(Dataset entries)
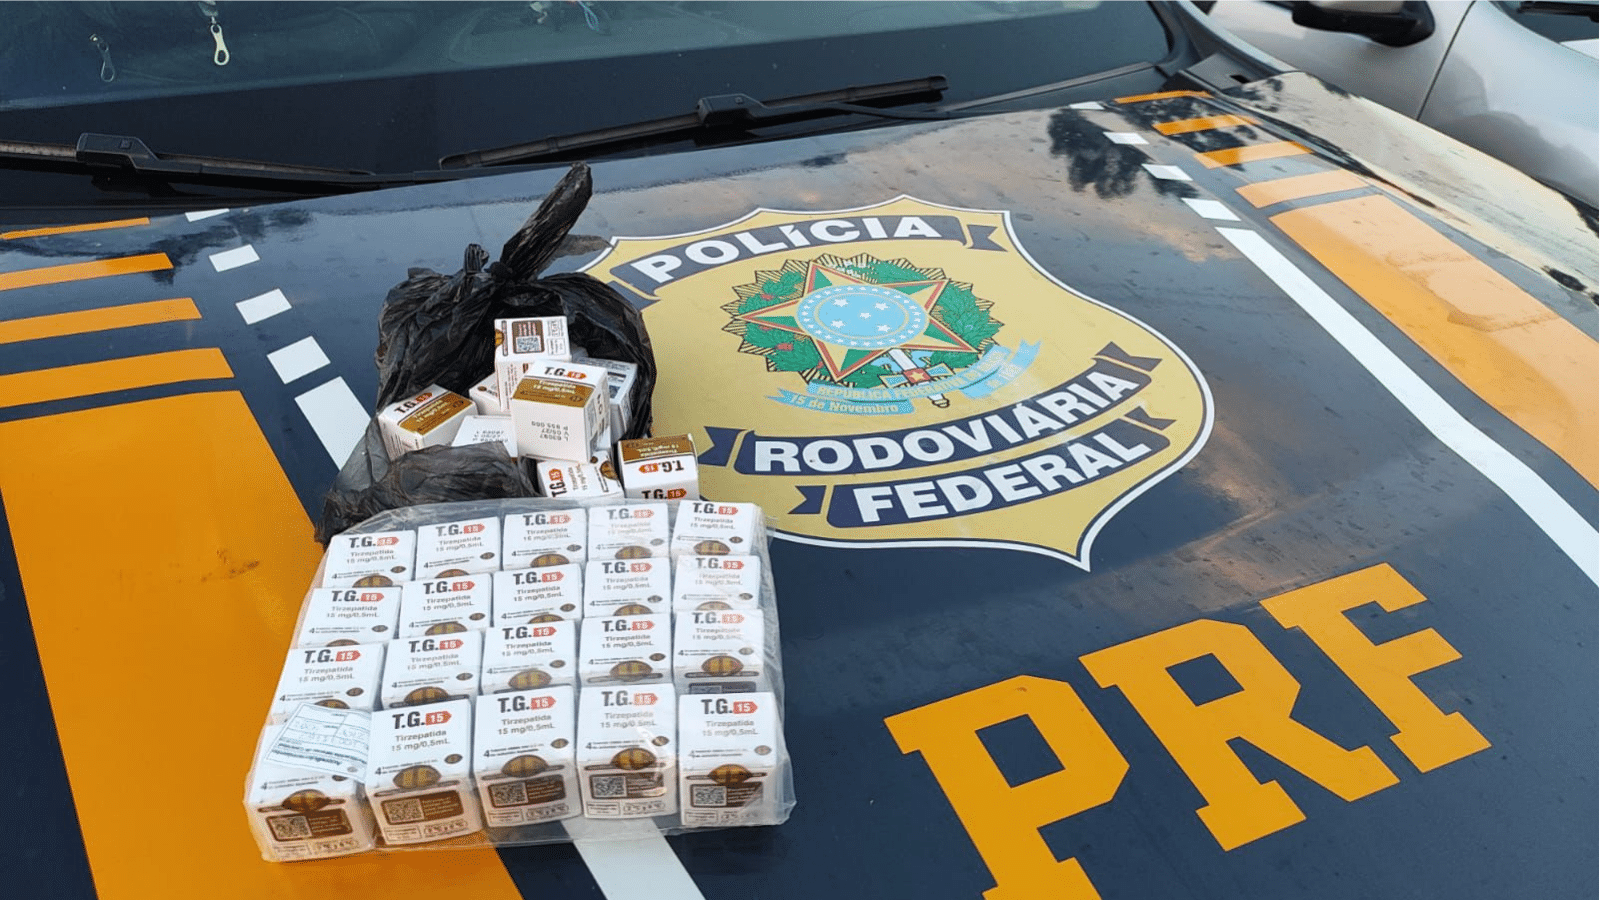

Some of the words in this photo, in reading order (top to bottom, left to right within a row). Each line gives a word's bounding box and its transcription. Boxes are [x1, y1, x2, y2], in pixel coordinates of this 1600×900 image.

[630, 216, 942, 284] POLÍCIA
[829, 401, 899, 413] Novembro
[754, 370, 1140, 473] RODOVIÁRIA
[852, 431, 1152, 523] FEDERAL
[606, 508, 633, 520] T.G.
[692, 502, 717, 515] T.G.
[522, 513, 550, 526] T.G.
[435, 523, 463, 537] T.G.
[349, 536, 376, 548] T.G.
[602, 561, 629, 574] T.G.
[695, 557, 722, 570] T.G.
[513, 571, 542, 586] T.G.
[422, 581, 452, 595] T.G.
[331, 590, 360, 603] T.G.
[691, 612, 721, 624] T.G.
[502, 626, 532, 640] T.G.
[601, 619, 631, 633] T.G.
[408, 639, 438, 653] T.G.
[304, 649, 334, 664] T.G.
[304, 665, 354, 675] Tirzepatida
[497, 695, 530, 714] T.G.
[534, 697, 549, 708] 15
[601, 690, 632, 707] T.G.
[700, 698, 732, 715] T.G.
[736, 702, 751, 712] 15
[392, 711, 426, 730] T.G.
[430, 712, 445, 724] 15
[501, 714, 552, 726] Tirzepatida
[604, 711, 654, 721] Tirzepatida
[705, 720, 754, 728] Tirzepatida
[883, 562, 1493, 900] PRF
[395, 728, 447, 742] Tirzepatida
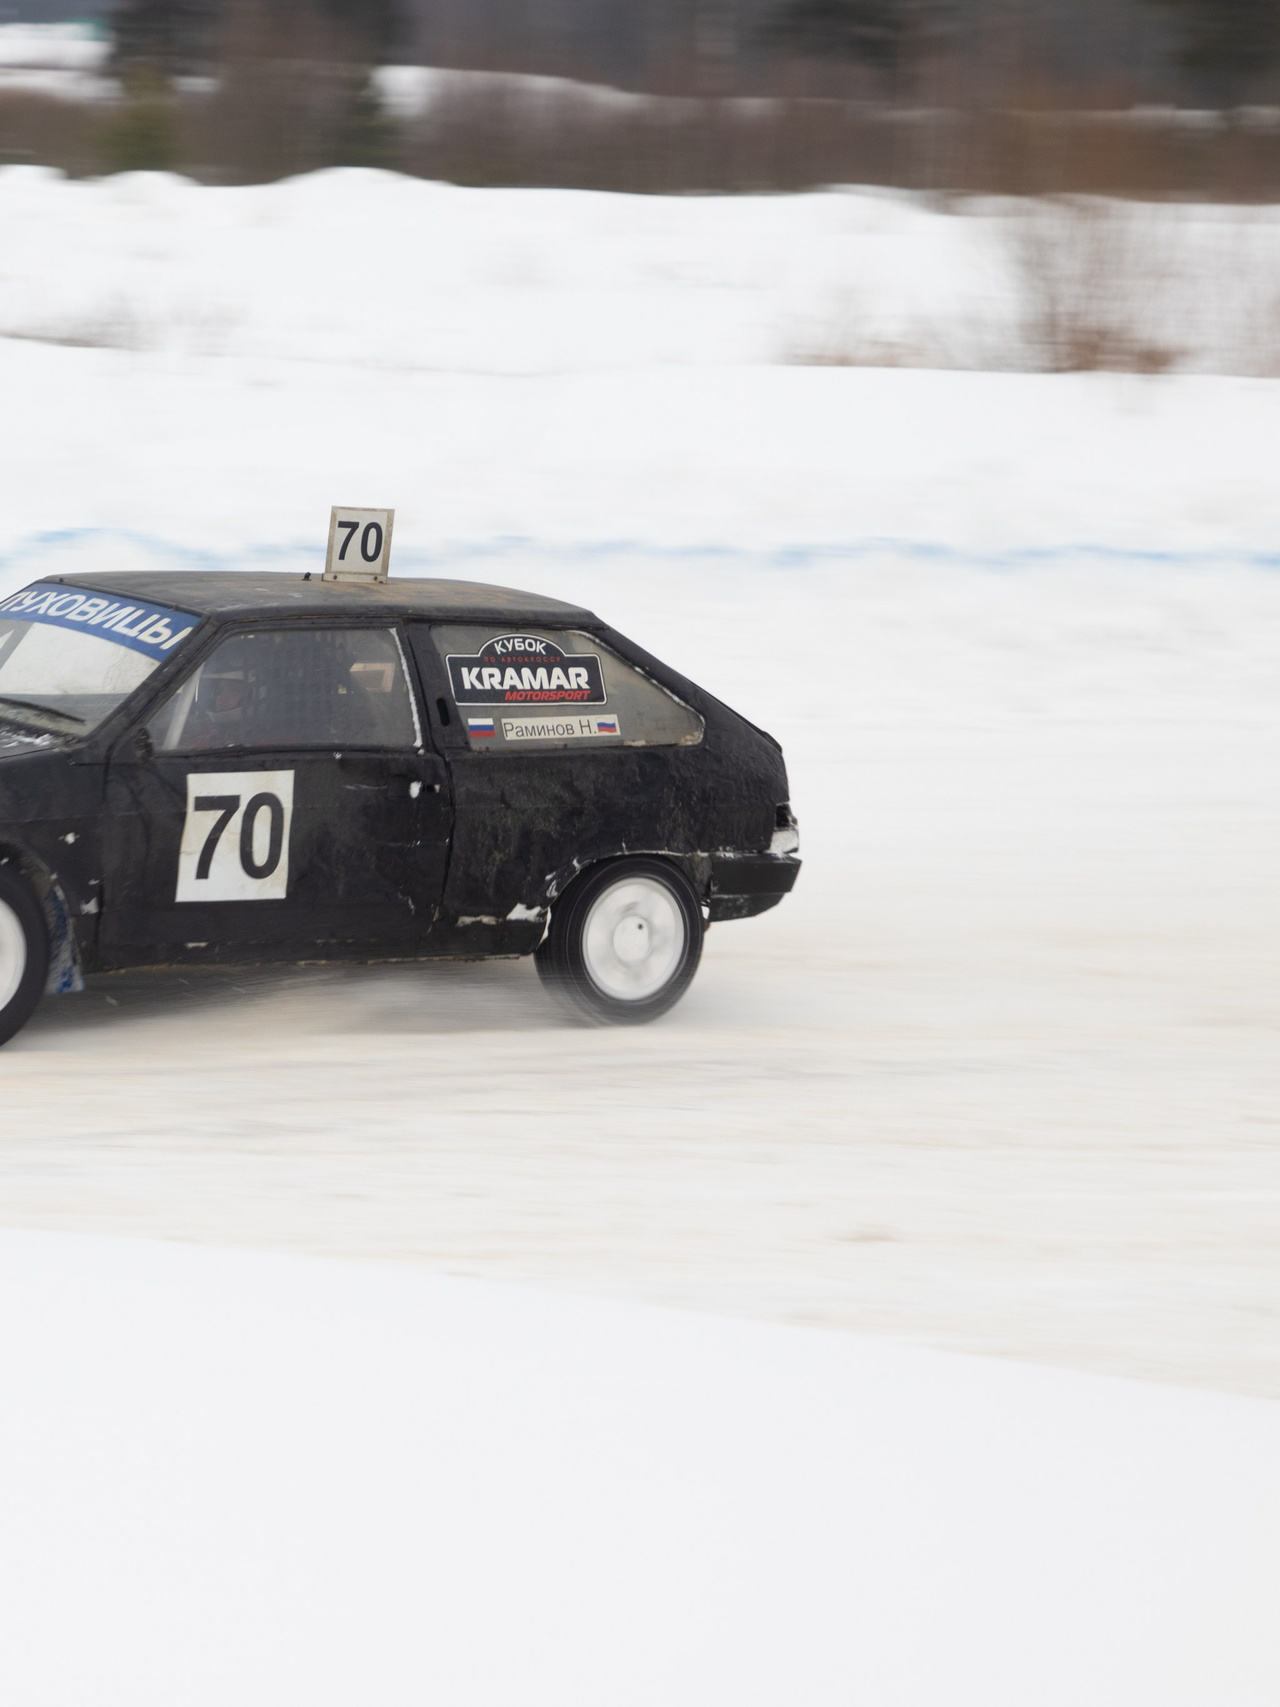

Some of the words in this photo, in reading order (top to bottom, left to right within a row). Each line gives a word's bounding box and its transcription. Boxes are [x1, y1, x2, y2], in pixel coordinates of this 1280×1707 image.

[337, 520, 384, 563] 70
[494, 638, 546, 655] КУБОК
[461, 667, 591, 690] KRAMAR
[504, 690, 591, 701] MOTORSPORT
[503, 722, 575, 738] Раминов
[579, 719, 597, 735] Н.
[194, 791, 285, 880] 70

▶ PROBLEM TO SOLVE
Only the lines from the one with "this 1280×1707 image." to the end of the entries above belong in your answer. Retype them exactly.

▶ EXERCISE ANSWER
Some of the words in this photo, in reading order (top to bottom, left to right within a row). Each line gives a word's bounding box and its transcription. Boxes are [x1, y1, x2, y2], in pixel coordinates of this 1280×1707 image.

[337, 520, 384, 563] 70
[494, 638, 546, 655] КУБОК
[461, 667, 591, 690] KRAMAR
[504, 690, 591, 701] MOTORSPORT
[503, 722, 575, 738] Раминов
[579, 719, 597, 735] Н.
[194, 791, 285, 880] 70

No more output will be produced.